Вход в пещеру отыскался на дикой каменистой круче, каких много в окрестностях Толедо: он был далеко в стороне от всех троп, и различить его мог разве что глаз мышелова – или археолога. Могильная лампада, заправленная вечным маслом, разливала бледный свет. На железном столе посреди пещеры был разложен волшебный доспех, к столу прислонено копье, а рядом стоял арабский скакун, снаряженный в бой и недвижный, как статуя. Чистый стальной блеск доспеха не потускнел от времени; конь был словно только что с пастбища, и, когда Ахмед потрепал его по шее, он ударил копытом и заржал так, что содрогнулись стены пещеры. Теперь царевич мог явиться на завтрашний турнир «в броне, при оружье, на добром коне».

И вот настало роковое утро. Ристалище разбили на равнине прямо у подножия скал под стенами Толедо, возле которых сооружены были подмостки и галереи для зрителей, устланные богатыми коврами и защищенные от солнца шелковыми навесами. На этих галереях восседали все красавицы здешнего края, а внизу гарцевали рыцари в пернатых шлемах со своими пажами и оруженосцами; и надменней других были королевичи, приехавшие сразиться за бесценную награду. Но все красавицы здешнего края померкли, когда рядом с отцом появилась королевна Альдегонда, впервые представшая взорам людским. При виде ее несказанной прелести толпу охватил ропот восхищенья, а у королевичей, привлеченных на турнир одной молвою о ее красоте, вдесятеро прибыло решимости биться.

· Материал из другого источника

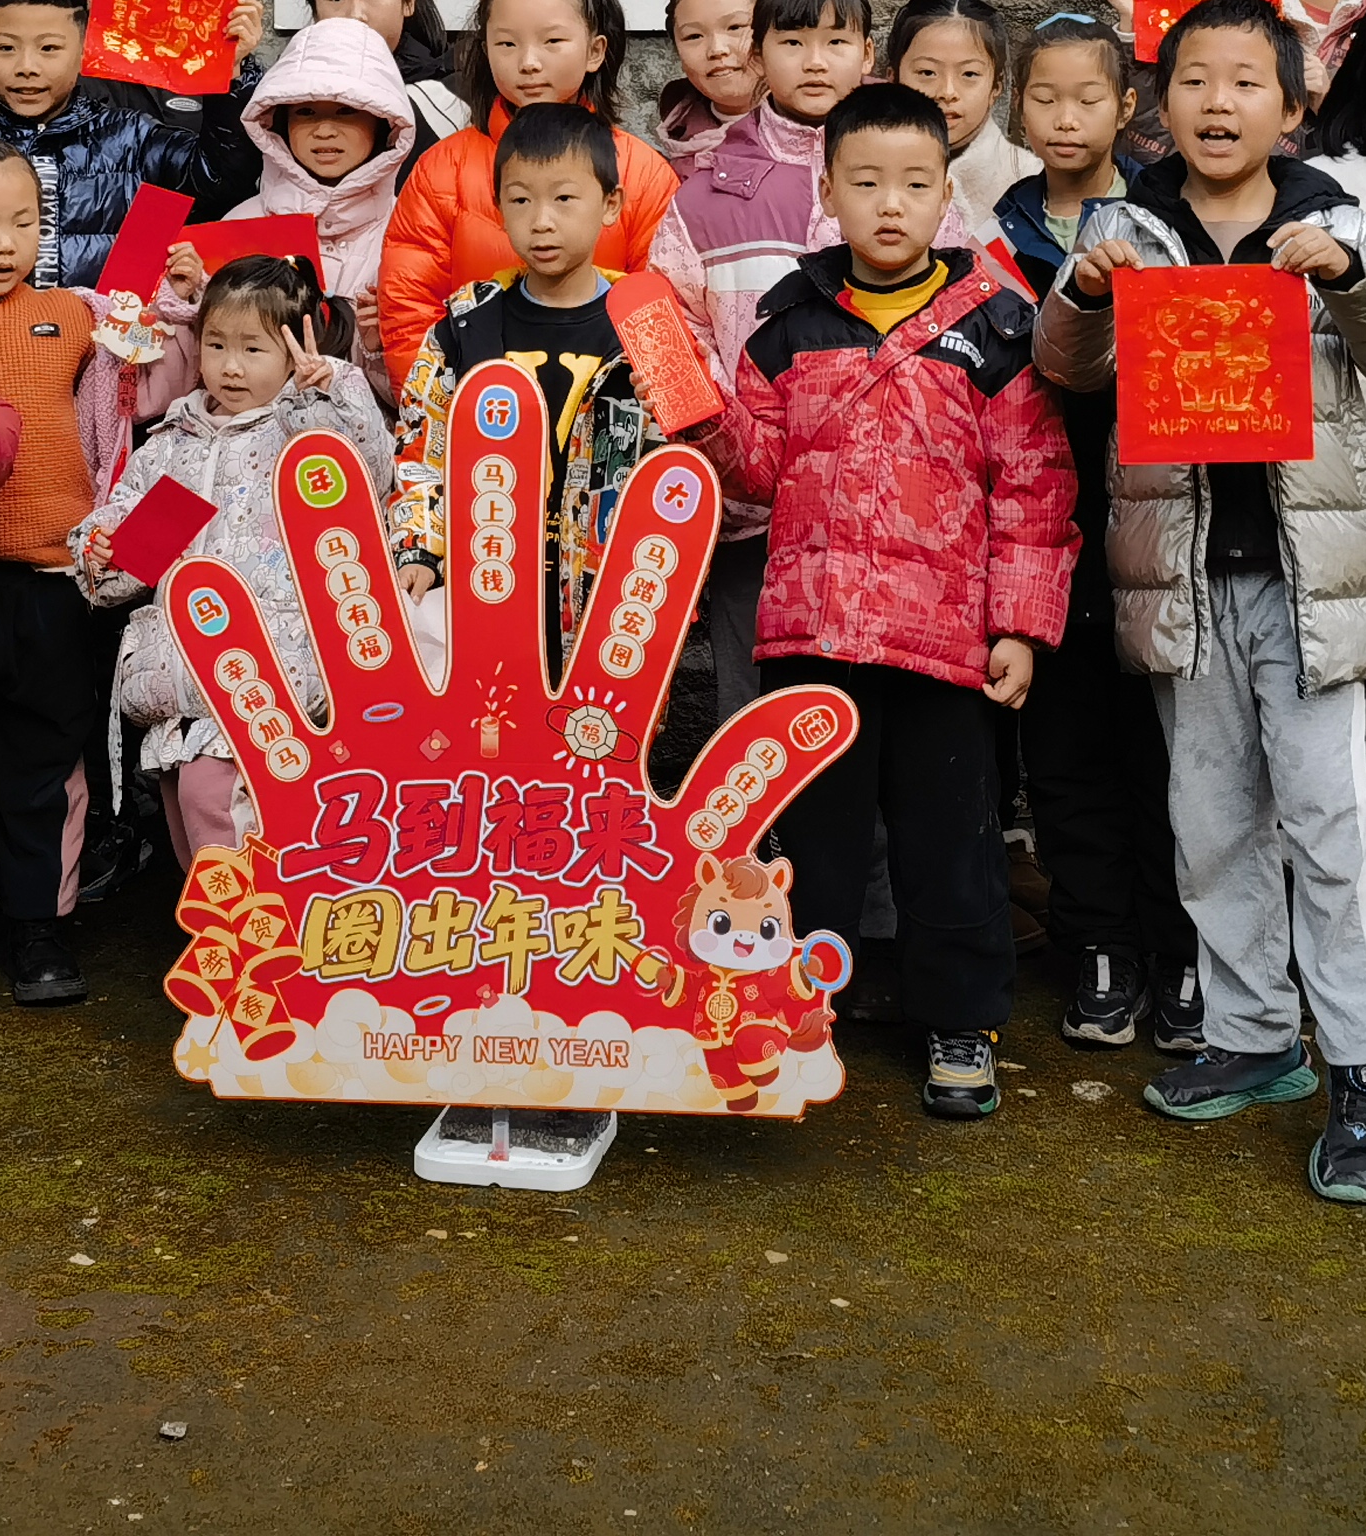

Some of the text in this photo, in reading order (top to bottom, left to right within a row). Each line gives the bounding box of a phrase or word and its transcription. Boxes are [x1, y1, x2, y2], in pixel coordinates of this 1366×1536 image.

[482, 396, 512, 428] 行
[1148, 416, 1202, 437] HAPPY
[1205, 416, 1239, 434] NEW
[662, 479, 690, 510] 大
[479, 462, 506, 593] 马上有钱
[193, 595, 223, 624] 马
[324, 535, 383, 662] 马上有福
[609, 542, 668, 670] 马踏宏图
[222, 657, 302, 770] 幸福加马
[580, 723, 601, 745] 福
[280, 770, 673, 888] 马到福来
[207, 869, 233, 896] 恭
[248, 915, 275, 944] 贺
[300, 884, 675, 998] 圈出年味
[200, 948, 229, 978] 新
[240, 993, 266, 1022] 春
[364, 1032, 630, 1068] HAPPY NEW YEAR

Королевна, однако, была неспокойна. Щеки ее вспыхивали и бледнели, тревожный взгляд пробегал по пернатому сборищу рыцарей и устремлялся вдаль. Трубы вот-вот должны были призвать к первому поединку, когда герольд возвестил прибытие неизвестного витязя; и Ахмед проехал по ристалищу. Его стальной шлем в самоцветах был понизу обмотан тюрбаном, на панцире – золотая насечка; сабля и кинжал фесской работы горели драгоценными каменьями. У плеча его висел круглый щит, в руке он сжимал заколдованное копье. Расшитый чепрак его арабского скакуна достигал земли, а гордый конь дыбился, фыркал и ликующе ржал в предвкушении битвы. Изящная и горделивая осанка царевича радовала глаз, а когда было объявлено, что прозванье его – Влюбленный Скиталец, легкий гомон пробежал по галереям.